_WHAT THE EXERCISE ASKS:_
Retype the listing exactly, minus its pictures.

Start of Block

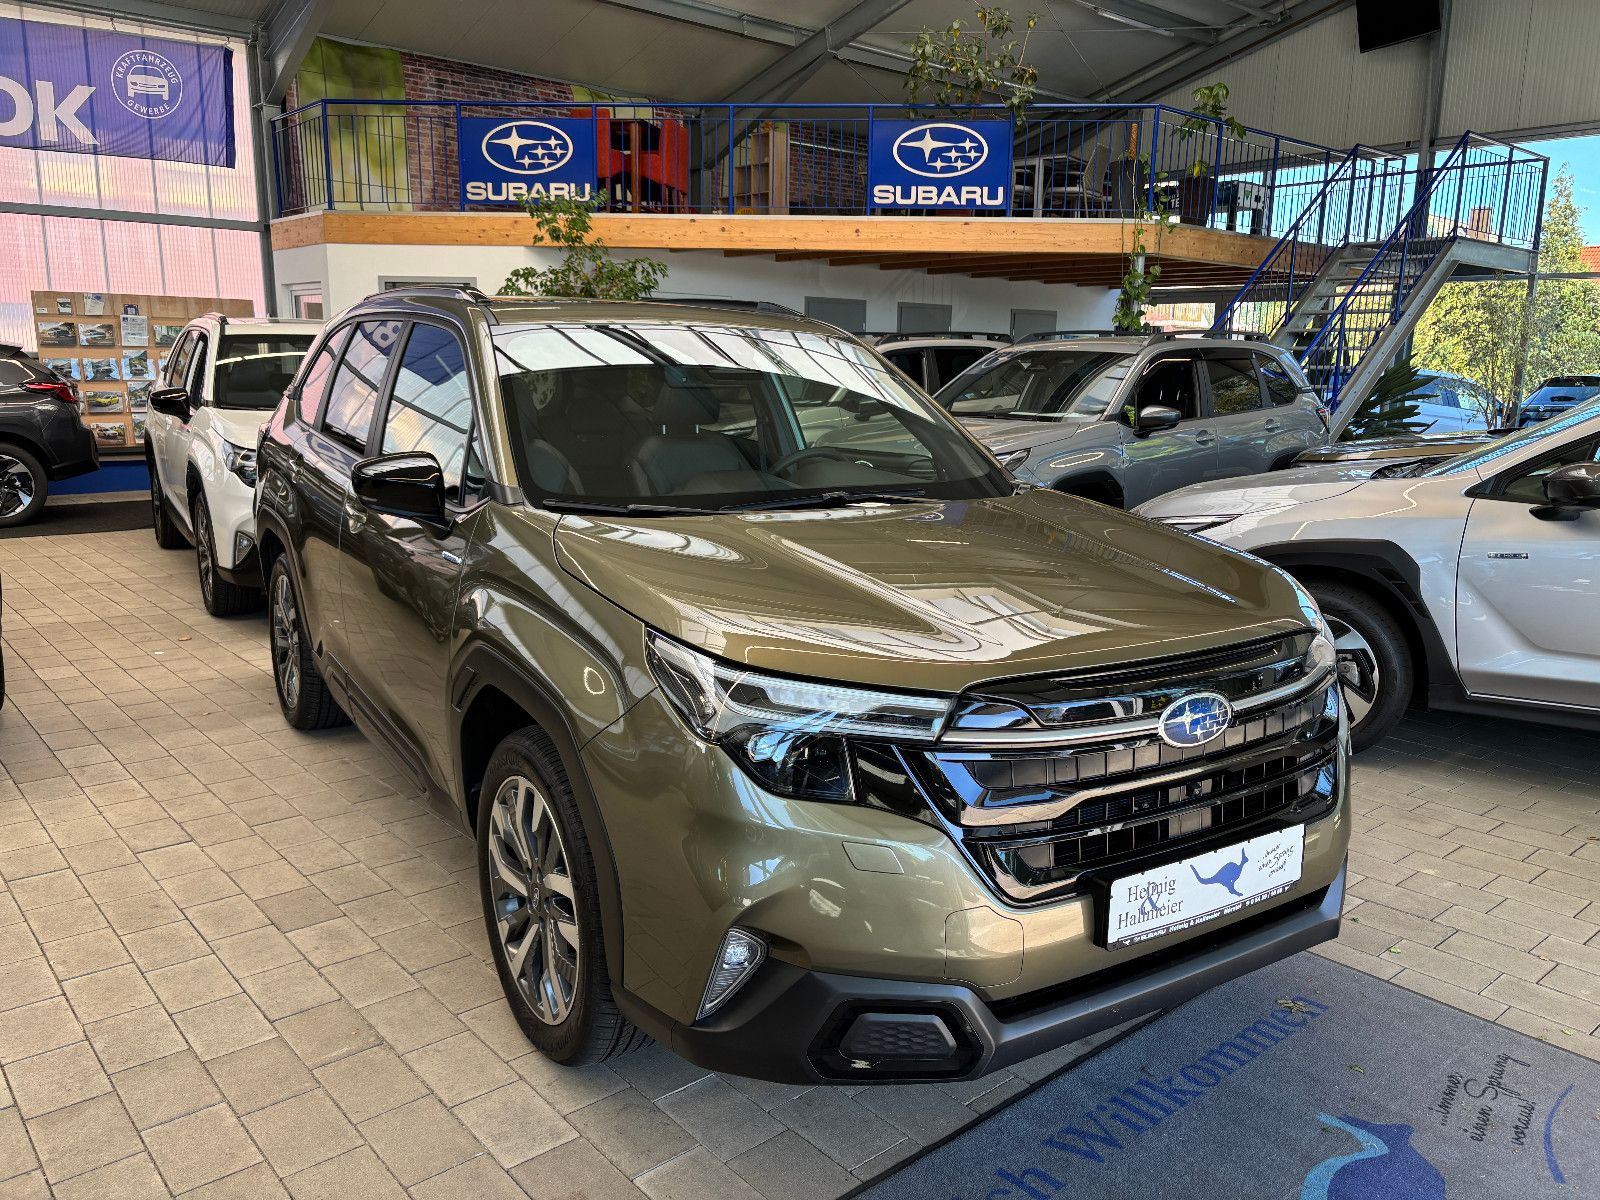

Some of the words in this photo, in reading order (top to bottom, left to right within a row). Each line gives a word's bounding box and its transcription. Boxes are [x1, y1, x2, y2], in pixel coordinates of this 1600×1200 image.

[116, 54, 178, 84] KRAFTFAHRZEUG
[127, 99, 170, 115] GEWERBE
[466, 181, 591, 202] SUBARU
[873, 184, 1004, 206] SUBARU
[1043, 994, 1330, 1163] Willkommen
[1463, 1052, 1531, 1101] Sprung
[1461, 1104, 1493, 1142] einen
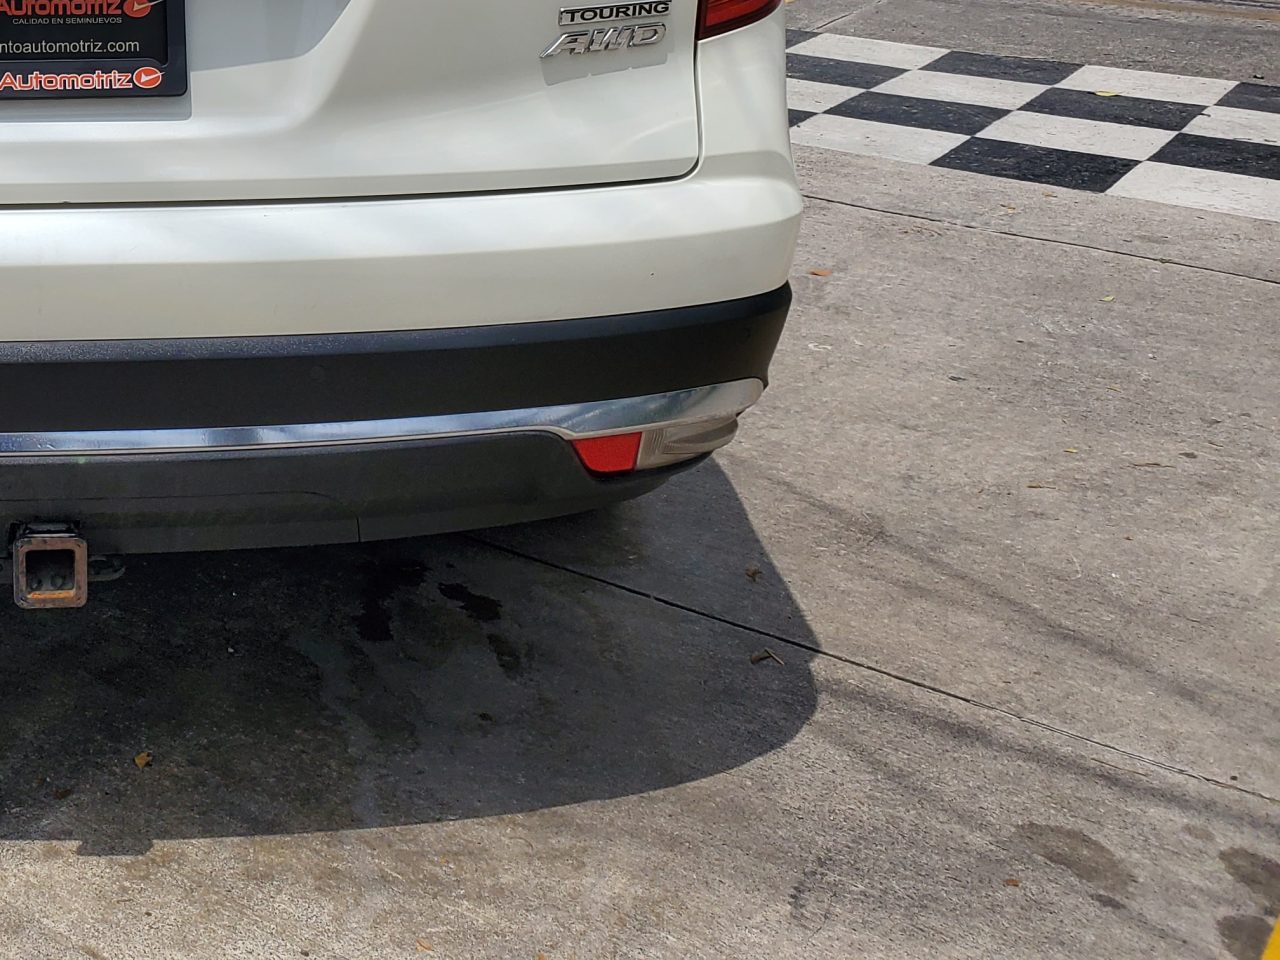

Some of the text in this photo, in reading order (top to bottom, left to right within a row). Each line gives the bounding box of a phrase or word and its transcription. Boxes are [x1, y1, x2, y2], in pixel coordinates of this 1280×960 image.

End of Block

_ANSWER BOX:_
Some of the words in this photo, in reading order (top to bottom, left to right within a row). Each line gives a word's bounding box and its transcription. Boxes are [x1, y1, x2, y2], in pixel coordinates of this 1600×1200 image.

[116, 54, 178, 84] KRAFTFAHRZEUG
[127, 99, 170, 115] GEWERBE
[466, 181, 591, 202] SUBARU
[873, 184, 1004, 206] SUBARU
[1043, 994, 1330, 1163] Willkommen
[1463, 1052, 1531, 1101] Sprung
[1461, 1104, 1493, 1142] einen

Some of the text in this photo, in reading order (top to bottom, left to right within a row). Each line gives the bounding box of a phrase or word and its transcription. Boxes are [x1, y1, x2, y2], in pixel coordinates of this 1280×960 image.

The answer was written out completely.